Transmutation is an expensive and undeveloped technology that involves breaking waste down into a less harmful form through a process of bombarding it with neutrons.
Although the report recommends the United States should develop "fuel treatment technologies that are cleaner, more efficient, less waste-intensive and more proliferation-resistant," Bush's budget did not include money for transmutation research.
Bush also recommends reviewing a national policy that bans reprocessing waste, most of which is in solid form -- bundles of 14-foot rods full of radioactive uranium pellets. That involves hauling the waste to reprocessing plants where it would be recycled into new fuel. France, Britain and Japan reprocess waste.
Reprocessing, or "recycling," involves recovering plutonium, a key component of atom bombs. President Jimmy Carter in the 1970s was worried the plutonium could fall into the wrong hands and effectively banned reprocessing.

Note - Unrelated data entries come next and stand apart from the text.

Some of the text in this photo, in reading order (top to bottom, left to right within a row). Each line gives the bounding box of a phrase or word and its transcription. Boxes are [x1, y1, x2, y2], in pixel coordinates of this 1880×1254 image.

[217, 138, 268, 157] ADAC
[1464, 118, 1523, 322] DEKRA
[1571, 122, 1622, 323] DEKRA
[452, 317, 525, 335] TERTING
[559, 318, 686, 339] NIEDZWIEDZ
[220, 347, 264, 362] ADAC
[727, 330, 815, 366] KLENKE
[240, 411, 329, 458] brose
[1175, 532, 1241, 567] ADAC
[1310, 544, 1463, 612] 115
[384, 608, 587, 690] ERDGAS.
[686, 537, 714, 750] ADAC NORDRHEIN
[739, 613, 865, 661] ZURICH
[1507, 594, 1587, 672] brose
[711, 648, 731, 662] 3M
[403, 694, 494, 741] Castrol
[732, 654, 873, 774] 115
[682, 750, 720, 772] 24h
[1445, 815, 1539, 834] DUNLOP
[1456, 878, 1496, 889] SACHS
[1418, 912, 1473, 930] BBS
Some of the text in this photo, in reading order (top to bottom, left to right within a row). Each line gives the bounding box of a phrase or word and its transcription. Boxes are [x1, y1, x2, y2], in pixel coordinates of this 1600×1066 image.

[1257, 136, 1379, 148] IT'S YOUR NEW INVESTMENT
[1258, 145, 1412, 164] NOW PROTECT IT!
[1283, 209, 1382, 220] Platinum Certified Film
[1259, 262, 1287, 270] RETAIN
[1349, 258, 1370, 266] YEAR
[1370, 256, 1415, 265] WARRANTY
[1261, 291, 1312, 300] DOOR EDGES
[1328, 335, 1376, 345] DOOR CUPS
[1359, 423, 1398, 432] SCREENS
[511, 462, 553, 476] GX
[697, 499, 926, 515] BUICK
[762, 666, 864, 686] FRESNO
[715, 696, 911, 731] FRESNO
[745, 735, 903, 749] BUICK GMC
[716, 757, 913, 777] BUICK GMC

Carter's decision left nuclear waste piling up at nuclear reactors.
The report does not direct more specific direction or make budgeting recommendations for developing transmutation or reprocessing.
The nuclear energy industry strongly backs developing Yucca as a permanent dump for its waste. But industry officials are open to transmutation and reprocessing, a spokeswoman said today.

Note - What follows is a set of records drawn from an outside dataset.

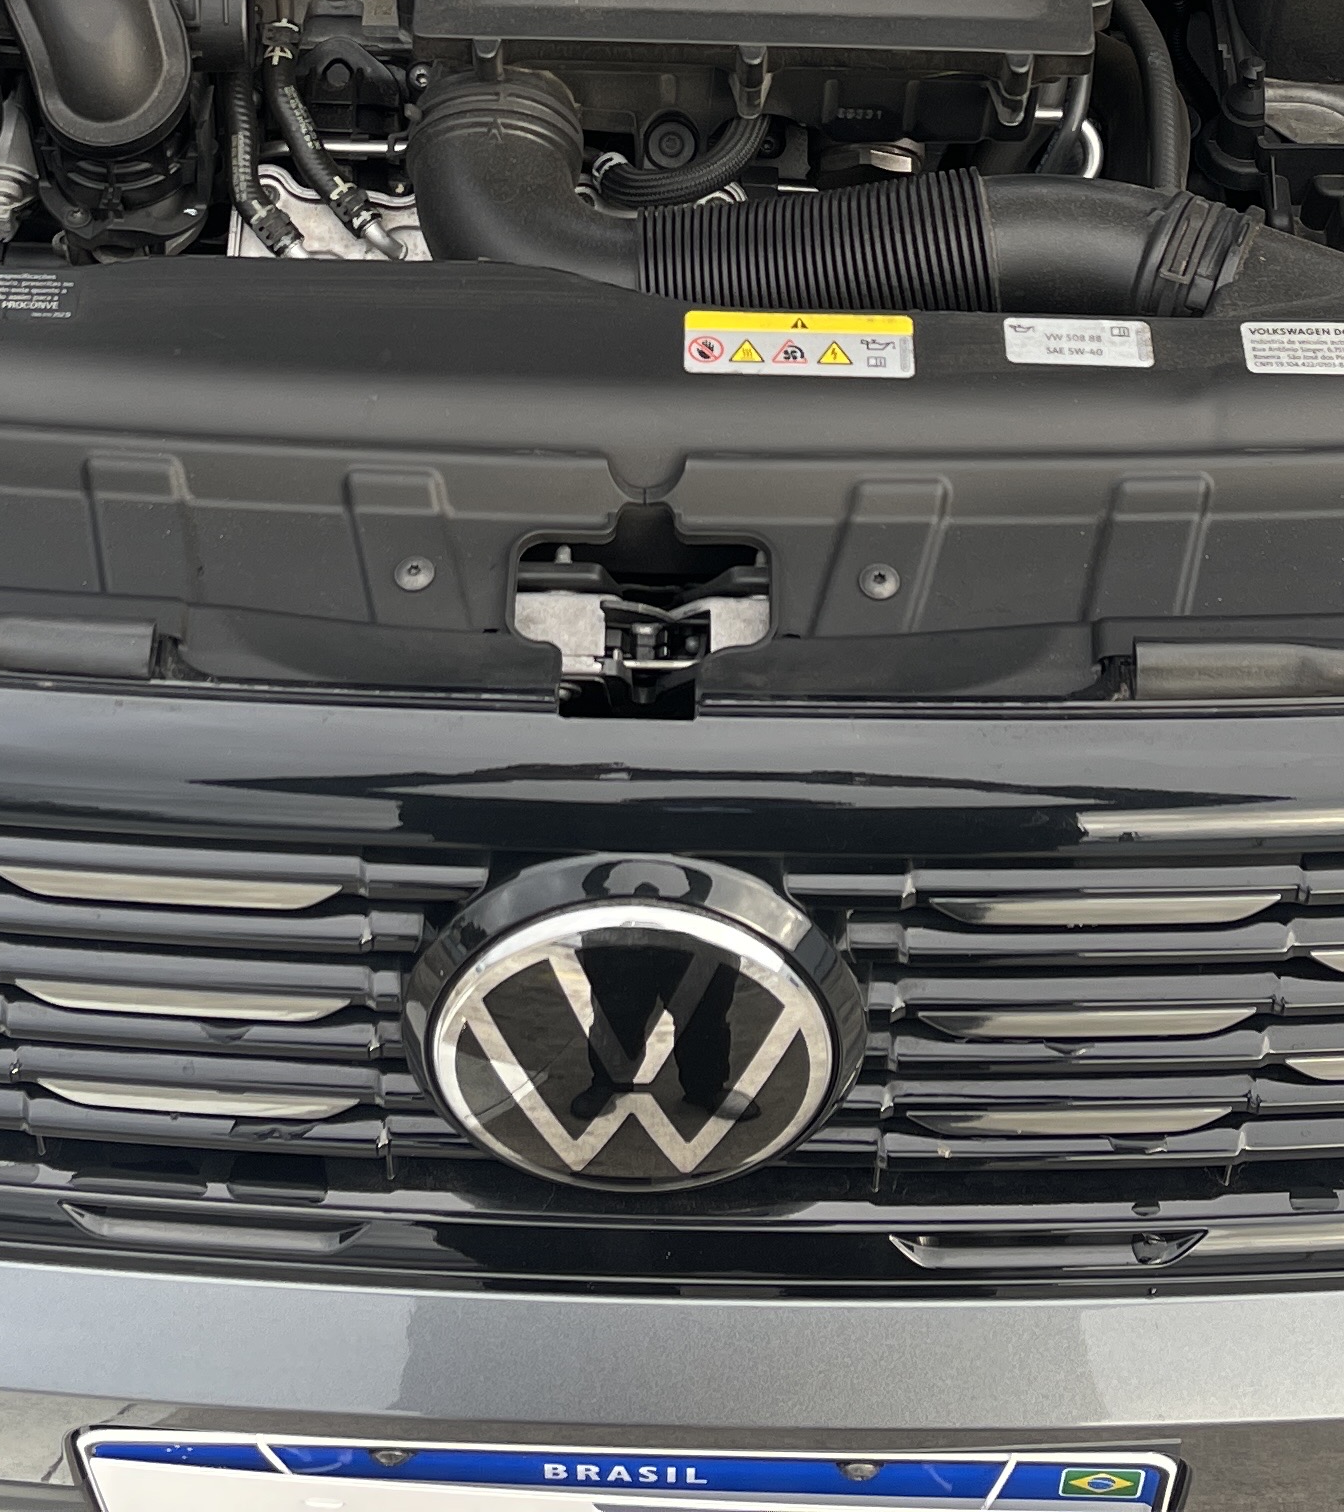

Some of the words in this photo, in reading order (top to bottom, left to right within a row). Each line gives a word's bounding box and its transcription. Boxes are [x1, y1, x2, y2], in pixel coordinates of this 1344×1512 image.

[1, 301, 59, 310] PROCONVE
[1249, 328, 1331, 336] VOLKSWAGEN
[1044, 333, 1062, 341] VW
[1066, 333, 1086, 342] 508
[1046, 347, 1065, 355] SAE
[1068, 348, 1103, 356] 5W-40
[543, 1463, 708, 1485] BRASIL

"Any type of technology that would beneifit the continued use of nuclear technologies, not just nuclear power, is a good thing," Nuclear Energy Institute spokeswoman Thelma Wiggins said. But Yucca "is still needed."

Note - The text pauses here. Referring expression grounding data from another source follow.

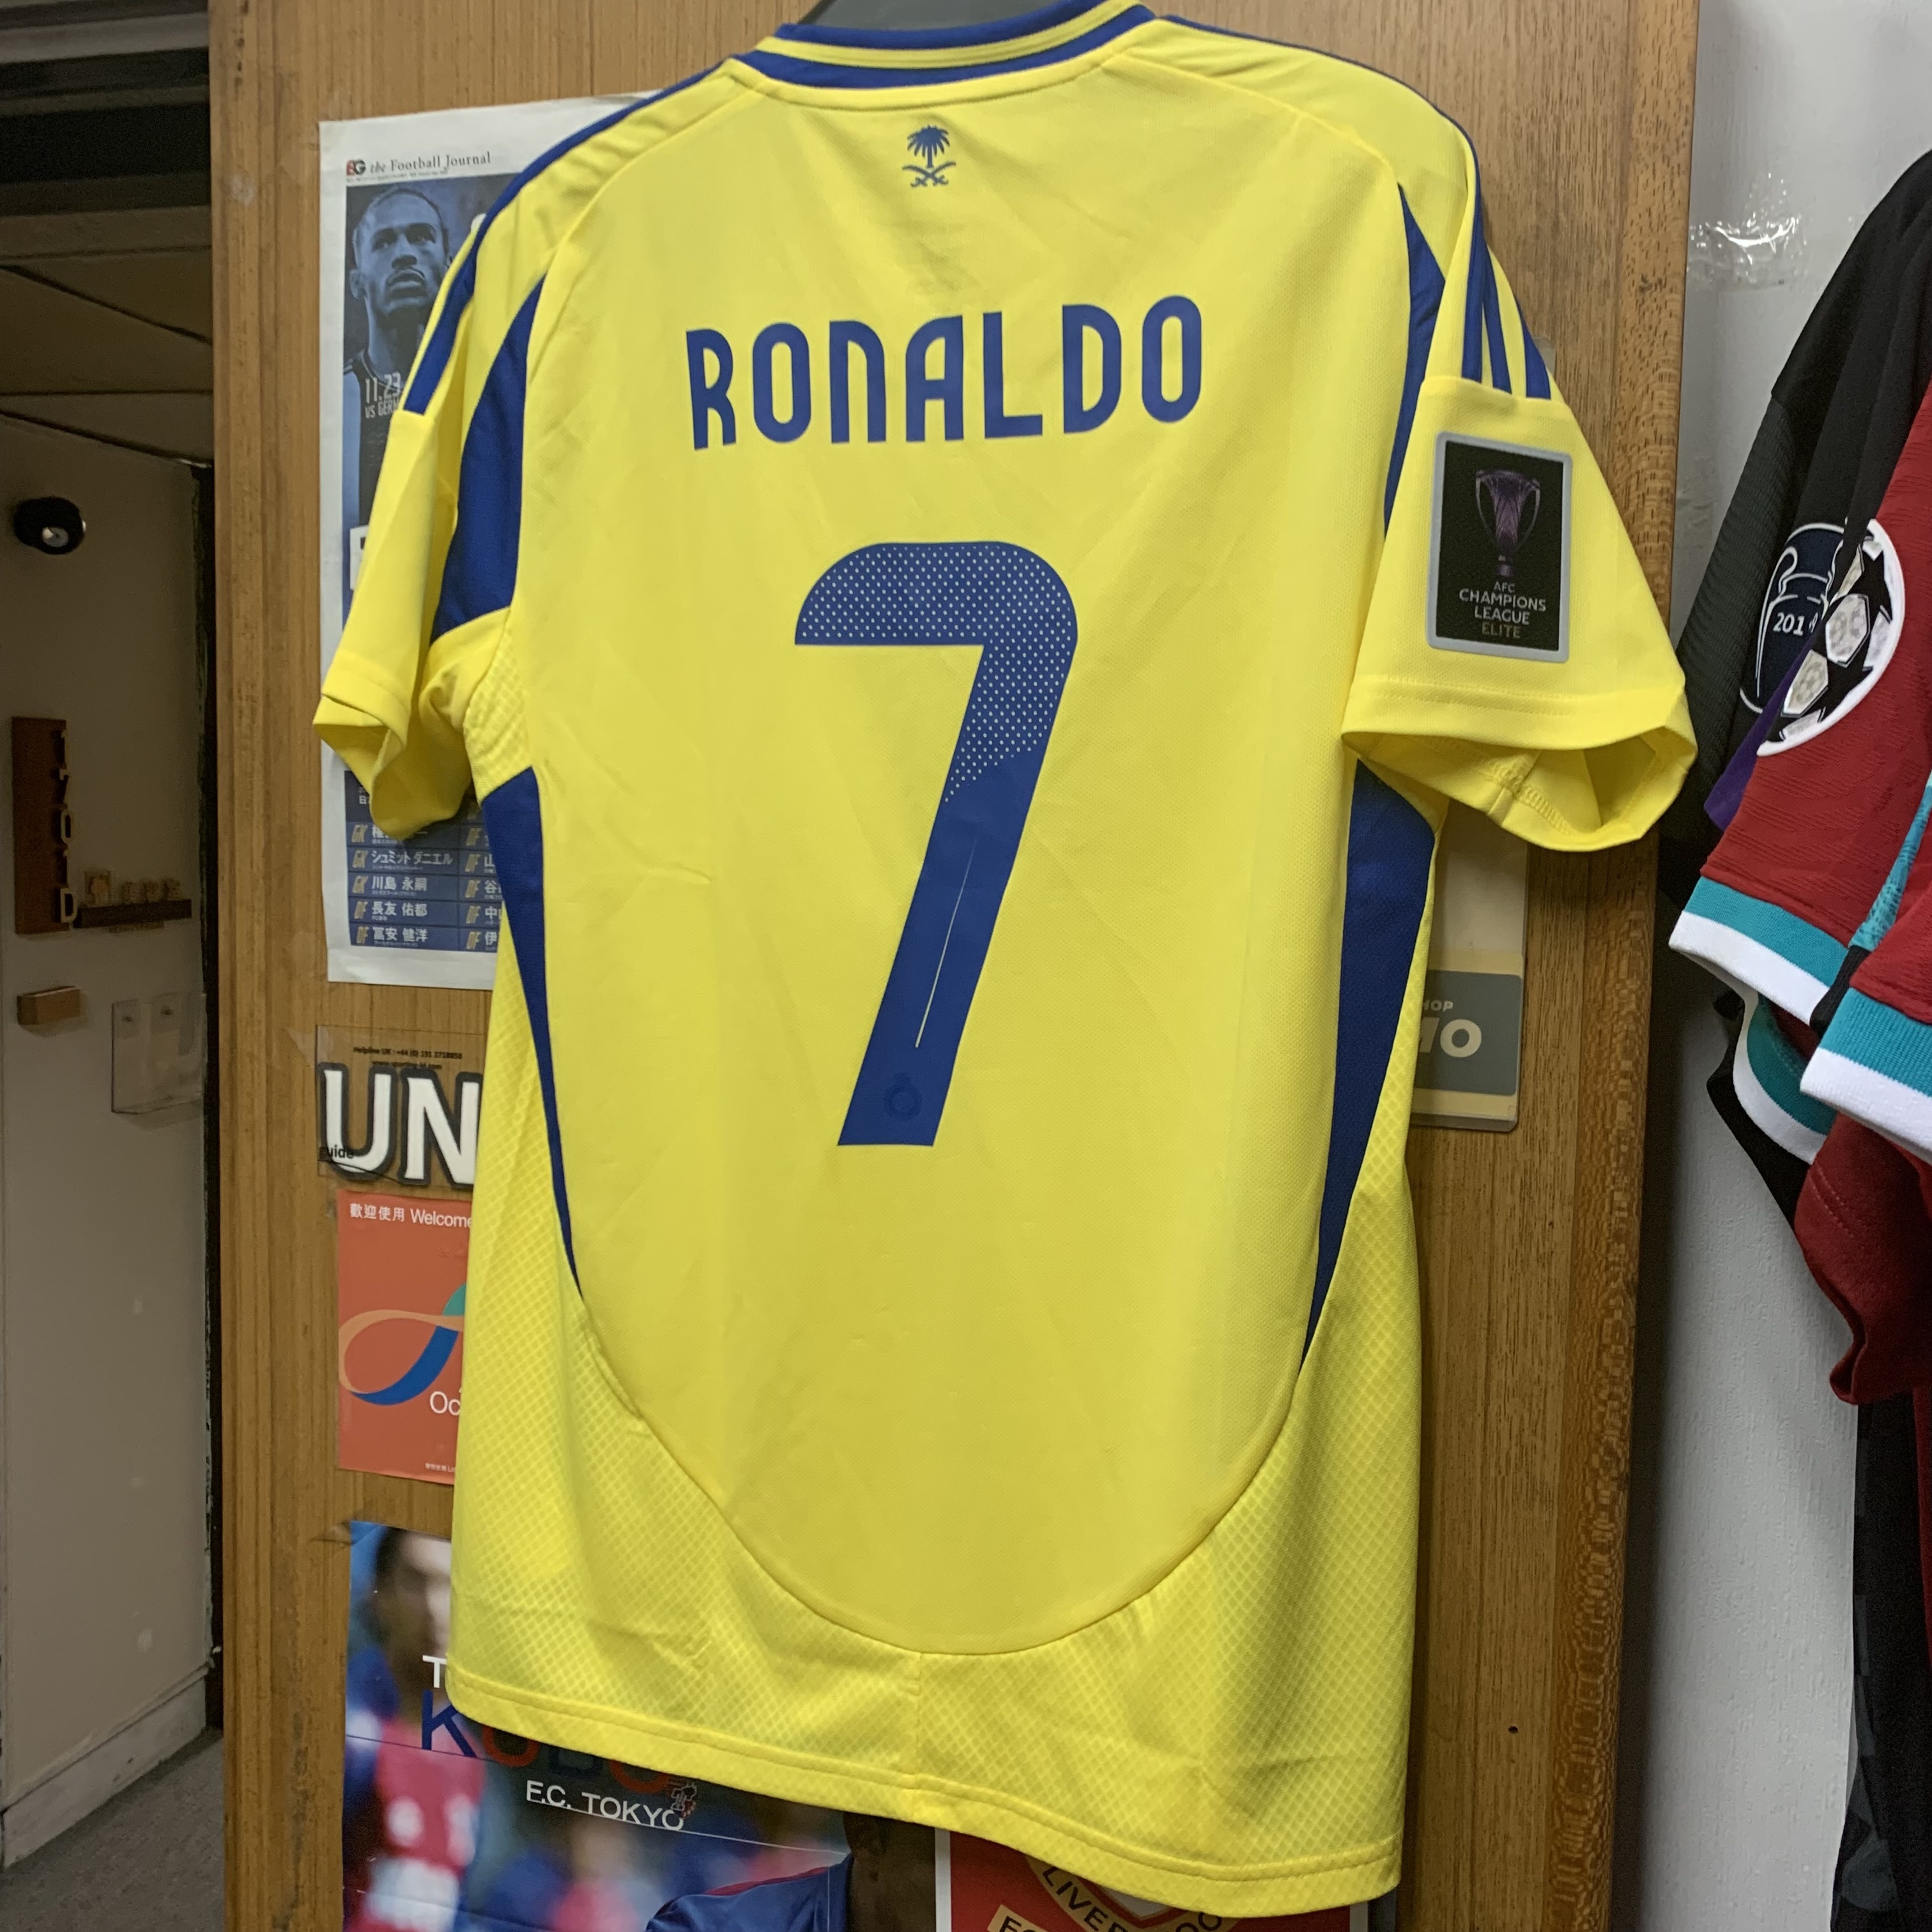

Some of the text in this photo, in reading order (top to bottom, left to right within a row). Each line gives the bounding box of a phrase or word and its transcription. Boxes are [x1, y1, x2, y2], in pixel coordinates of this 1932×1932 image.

[370, 161, 386, 173] the
[391, 155, 440, 171] Football
[444, 151, 491, 172] Journal
[686, 295, 1201, 450] RONALDO
[365, 372, 401, 404] 11.23
[365, 405, 376, 419] VS
[1494, 581, 1515, 593] AFC
[1459, 588, 1546, 612] CHAMPIONS
[1475, 605, 1530, 625] LEAGUE
[1482, 621, 1521, 638] ELITE
[795, 541, 1077, 1146] 7
[372, 850, 411, 864] シュミット
[414, 851, 453, 865] ダニエル
[372, 876, 397, 890] 川島
[484, 880, 502, 894] 谷
[372, 901, 397, 916] 長友
[402, 903, 427, 917] 佑都
[485, 906, 502, 920] 中
[319, 1063, 482, 1191] UN
[349, 1203, 405, 1223] 歡迎使用
[526, 1779, 684, 1832] F.C. TOKYO

Environmental groups oppose most of Bush's plans, including reprocessing and the Yucca plan.
"Reading between the lines, we can see that the administration intends to put its weight behind opening Yucca Mountain," Public Citizen's Lisa Gue said.
Cheney this week told the Associated Press, "The Yucca Mountain is the one that's most, that's farthest along and most advanced ... It's been drawn out for a long time, and if we want to promote the use of nuclear energy, then clearly we've got to address the waste question and get it resolved."
Environmentalists, taxpayer groups and leading Democrats have been quick to criticize the energy plan, drafted by a Cheney task force.
Sen. Harry Reid, D-Nev., has led some Democratic criticism. Earlier this week he told the Los Angeles Times it was a "recipe for disaster."
Cheney was a "stalwart advocate" of subsidies and tax incentives for energy companies during his days in Congress, said Taxpayers for Common Sense, a U.S. budget watchdog group that analyzed his voting record.
"The Vice President has never found a giveaway to big energy that he didn't like," said Cena Swisher, the organization's director.
Cheney in an interview this week denied giving too much consideration to energy industry recommendations.
Environmentalists will spend more money battling the energy plan than they have ever spent because so much is at stake, National Environmental Trust president Phil Clapp said this week.
"What they are assembling is an all-out attack on environmental protections," Clapp said.